- Find spots of the Lata Chalukya inscription
- Government: Monarchy
- • Established: c. 970 CE
- • Disestablished: c. 1070 CE
| Preceded by | Succeeded by |
| / Western Chalukya | Chaulukya dynasty / |
- Today part of: India

= Chalukyas of Lata =

Chalukyas of Lar Desha or Lata region

The Chalukyas of Lata were an Indian dynasty, which ruled the Lata region of present-day Gujarat during 10th and 11th centuries. They ruled as feudatories of the Western Chalukyas in their early years, and were ultimately defeated by the Chaulukyas of Gujarat (Solankis).

== History ==
Barappa, the dynasty's first ruler, is identified as a general of the Western Chalukya king Tailapa II. He might have been made the governor of the Lata region by Tailapa. According to Merutunga's Prabandha-Chintamani, Barappa and the ruler of Sapadalaksha (the Chahamana king Vigraharaja II) once simultaneously attacked Gujarat. Mularaja, the Chaulukya king of Gujarat, asked the Sapadalaksha ruler not to attack him until he dealt with Barappa. He then defeated Barappa, which prompted the Sapadalaksha king to flee Gujarat. Since Merutunga was from Gujarat, this account may be biased. The Chahamana chroniclers claim that Vigraharaja defeated Mularaja, and marched up to Bhrigukachchha, where he constructed a temple dedicated to his family deity Ashapura. According to one theory, Vigraharaja II allied with Barappa, and helped him achieve independence.
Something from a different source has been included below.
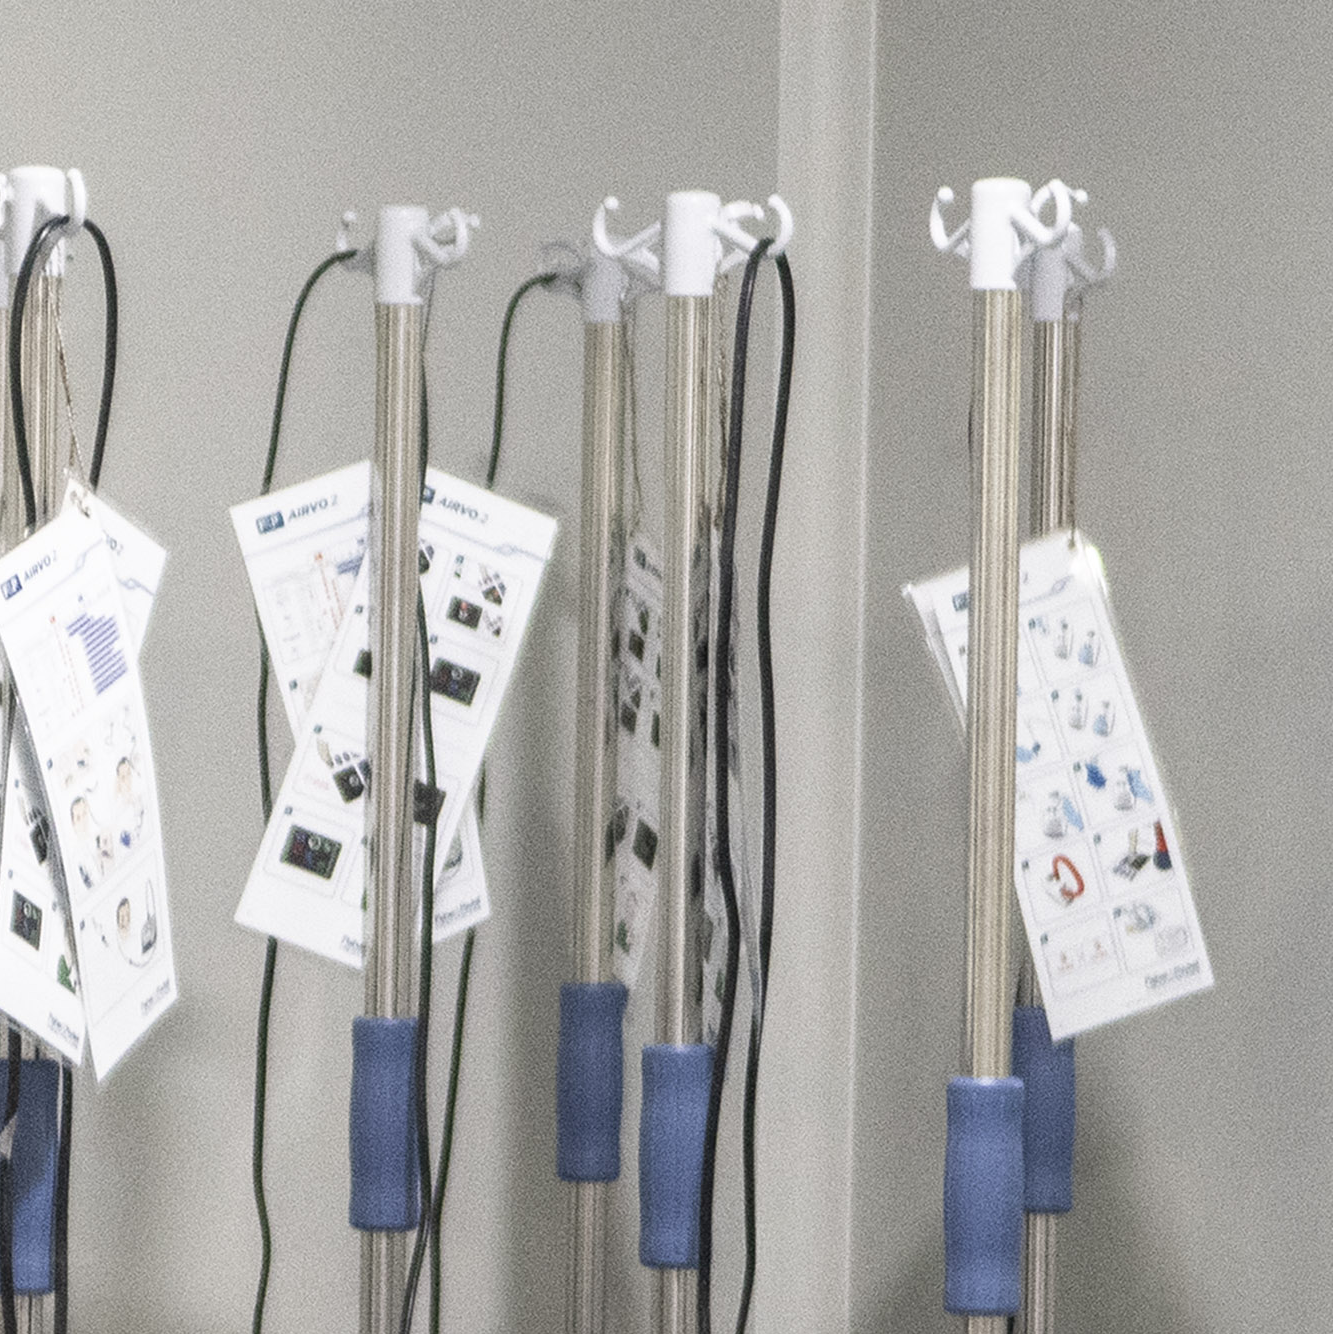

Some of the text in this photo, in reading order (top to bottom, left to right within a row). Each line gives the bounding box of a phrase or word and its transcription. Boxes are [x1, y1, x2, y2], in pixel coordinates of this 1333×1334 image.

[287, 499, 329, 521] AIRVO
[439, 496, 479, 520] AIRVO
[23, 554, 52, 583] AIRVO
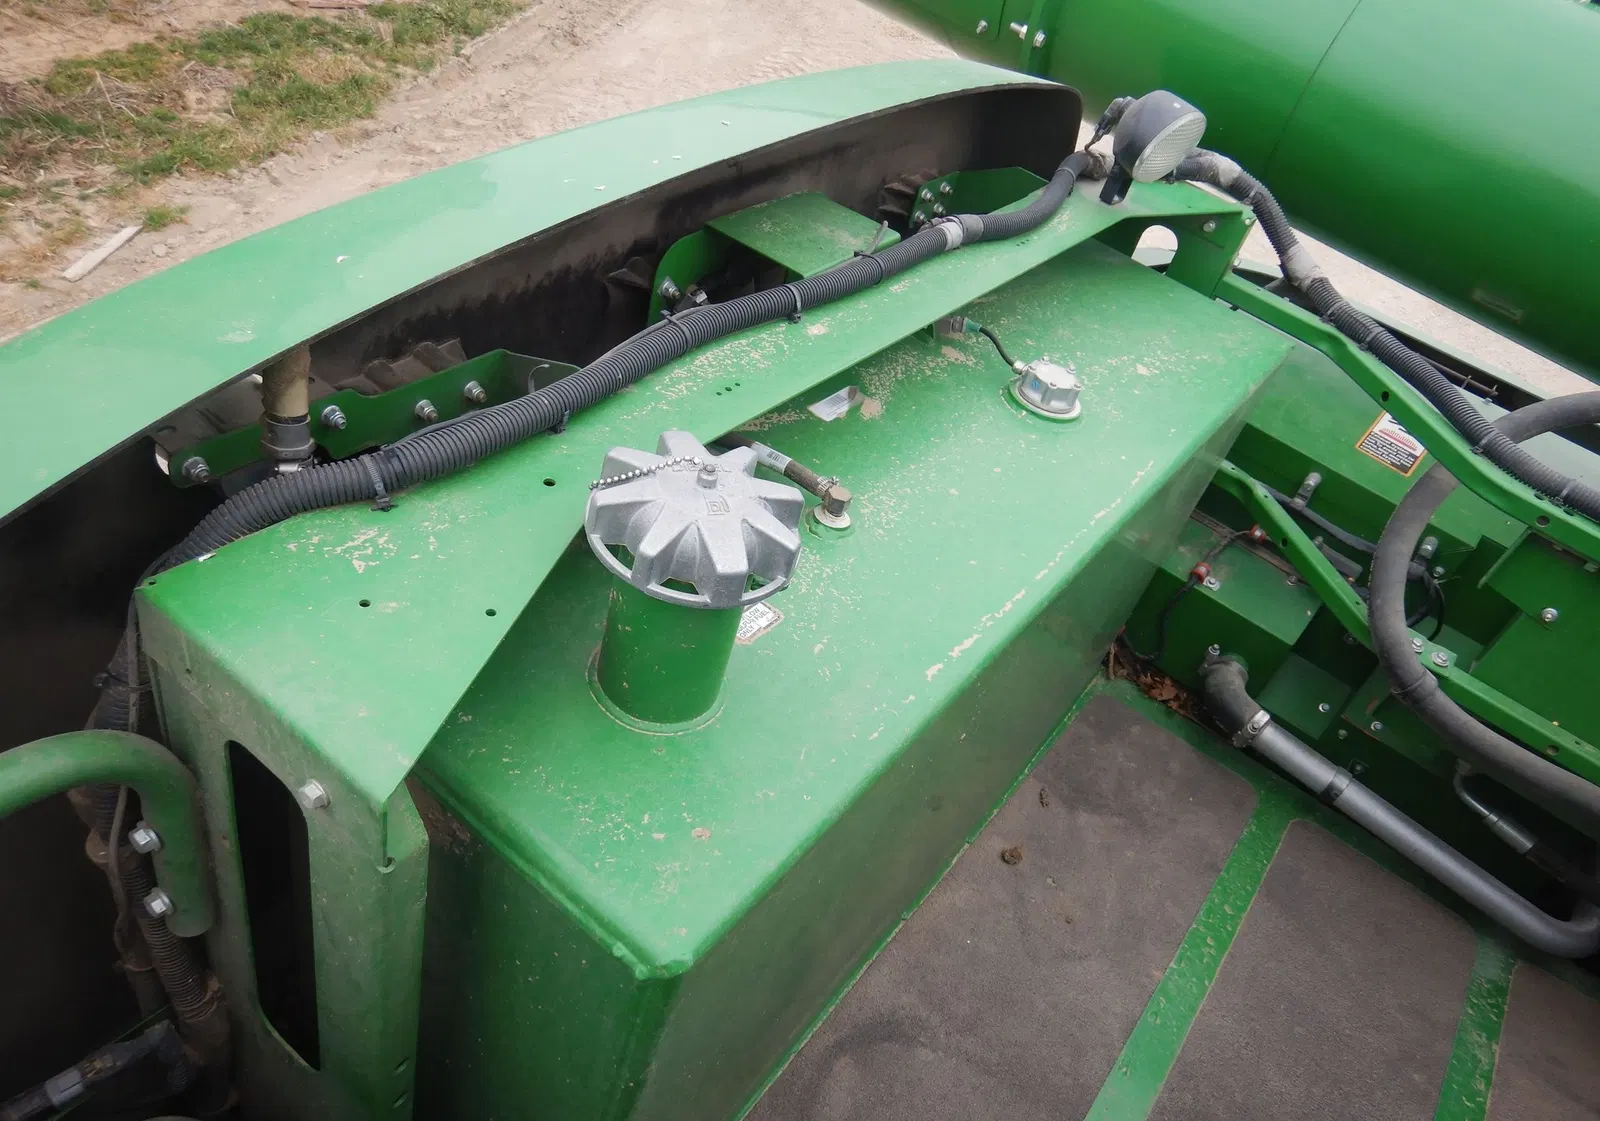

According to Hemachandra's Dvyashraya Kavya, Mularaja's son Chamundaraja invaded Lata, and killed Barappa. Barappa's son Gogi-raja may have revived the family's rule in the Lata region. But, by 1074 CE, the dynasty appears to have been vanquished by the Chaulukyas of Gujarat.

== Genealogy ==
The following members of the family (with estimated reigns) are known:

- Nimbarka
- Barappa, c. 970-990 CE
- Gogi-raja or Gongi-raja, c. 990-1010 CE
- Kirti-raja, c. 1010-1030 CE
- Vatsa-raja, c. 1030-1050 CE
- Trilochana-pala, c. 1050-1070 CE

== Inscriptions ==
A 940 Shaka (1018 CE) copper-plate inscription of Kirtiraja was discovered in Surat. It names his ancestors as Gogi, Barappa and Nimbarka.

Two copper-plate inscriptions of Trilochana-pala dated 972 Shaka (1050 CE Eklahare and 1051 CE Surat) have also been discovered. These inscriptions given an account of the mythical origin of the Chalukyas: the family's progenitor originated from the chuluka (a vessel or a folded palm to hold water) of the creator deity Virinchi. On the deity's advice, he married the Rashtrakuta princess of Kanyakubja. Trilochanapala's inscriptions mention four of his ancestors: Vatsa, Kirti, Gogi and Barappa. Vatsa is said to have built a golden umbrella for the god Somanatha, and also established a free food canteen (sattra). Trilochanapala is titled Maha-Mandaleshvara in these inscriptions. The 1050 CE inscription records his donation of the Ekallahara village (modern Eklahare) to a Brahmin named Taraditya.